TASK GOAL:
Please make sure what you return matches the listing below exactly, minus its pictures.

DATA EXCERPTS:
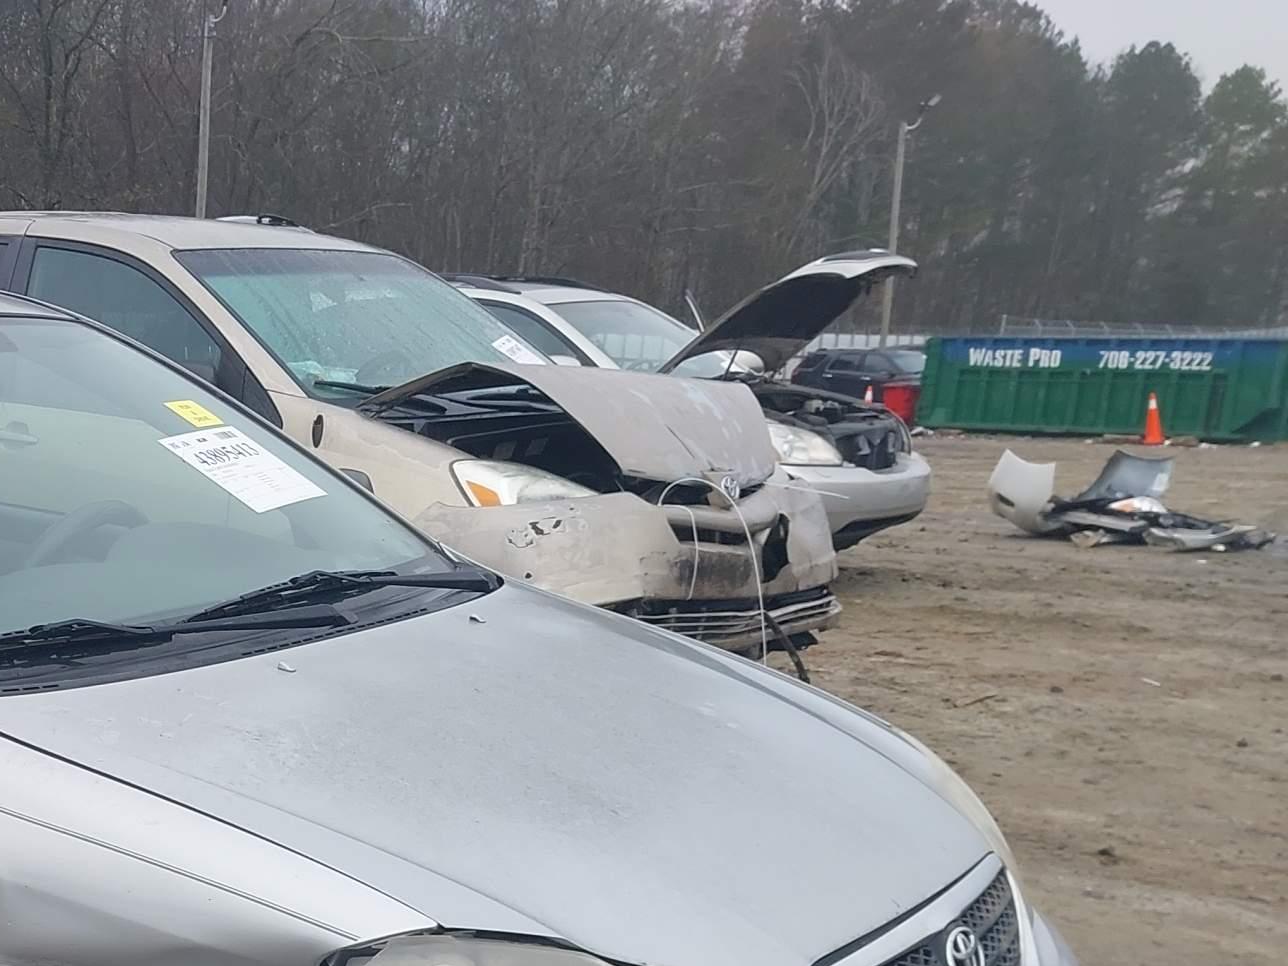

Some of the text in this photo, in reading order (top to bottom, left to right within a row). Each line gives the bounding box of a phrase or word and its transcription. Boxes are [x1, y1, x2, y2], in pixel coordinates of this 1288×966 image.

[969, 348, 1024, 367] WASTE
[1028, 347, 1062, 368] PRO
[193, 442, 260, 466] 43895413
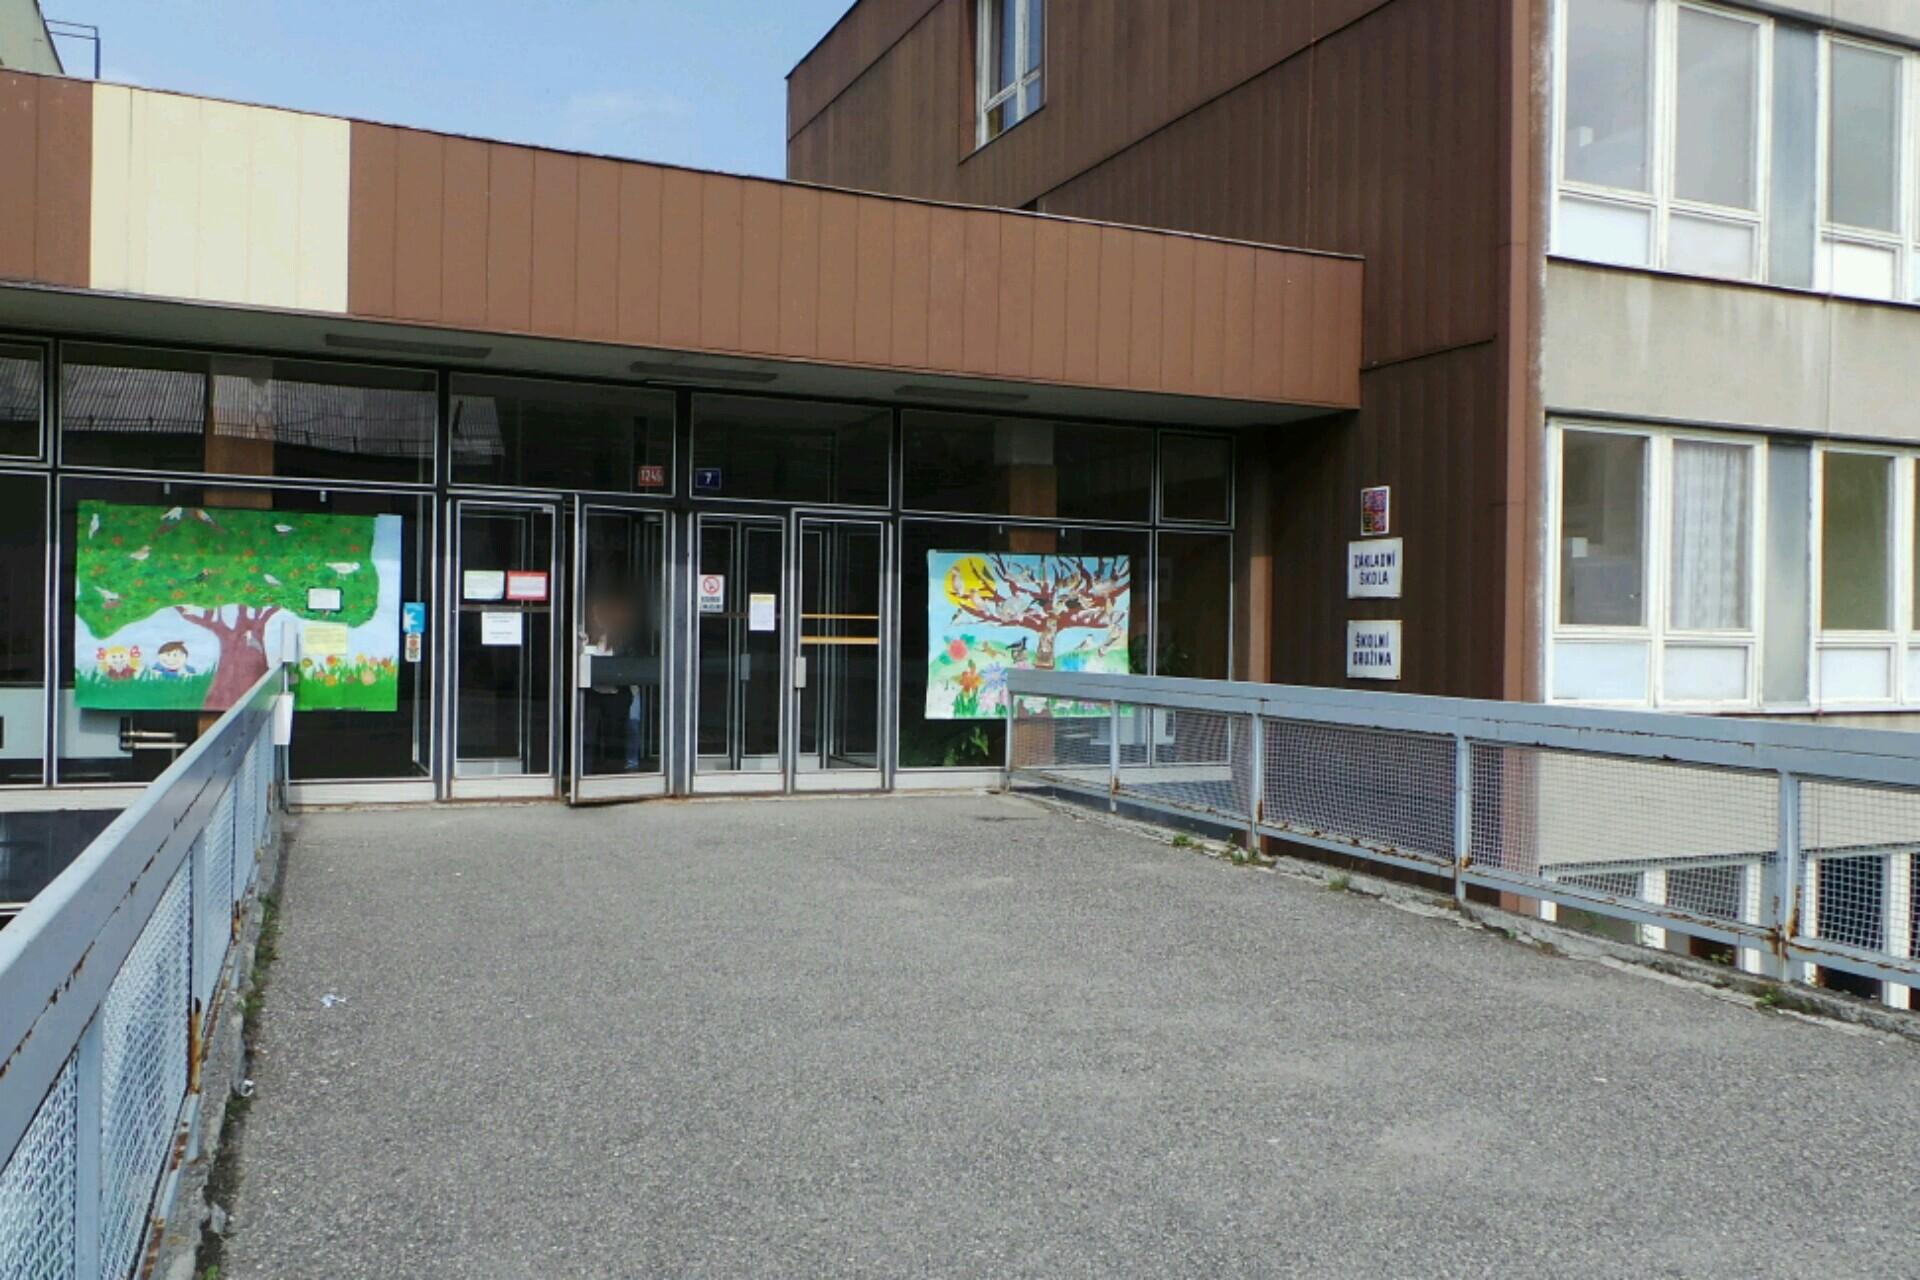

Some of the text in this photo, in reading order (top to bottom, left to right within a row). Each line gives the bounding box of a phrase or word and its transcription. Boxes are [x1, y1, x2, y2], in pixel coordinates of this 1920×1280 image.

WRITTEN RESPONSE:
Some of the text in this photo, in reading order (top to bottom, left to right within a row). Each line gives the bounding box of a phrase or word and its transcription. Boxes are [x1, y1, x2, y2], in pixel coordinates of this 1288×966 image.

[969, 348, 1024, 367] WASTE
[1028, 347, 1062, 368] PRO
[193, 442, 260, 466] 43895413

Some of the text in this photo, in reading order (top to bottom, left to right within a row). Each line gives the bounding box of a phrase or word and its transcription. Boxes are [x1, y1, x2, y2], in pixel coordinates of this 1920×1280 image.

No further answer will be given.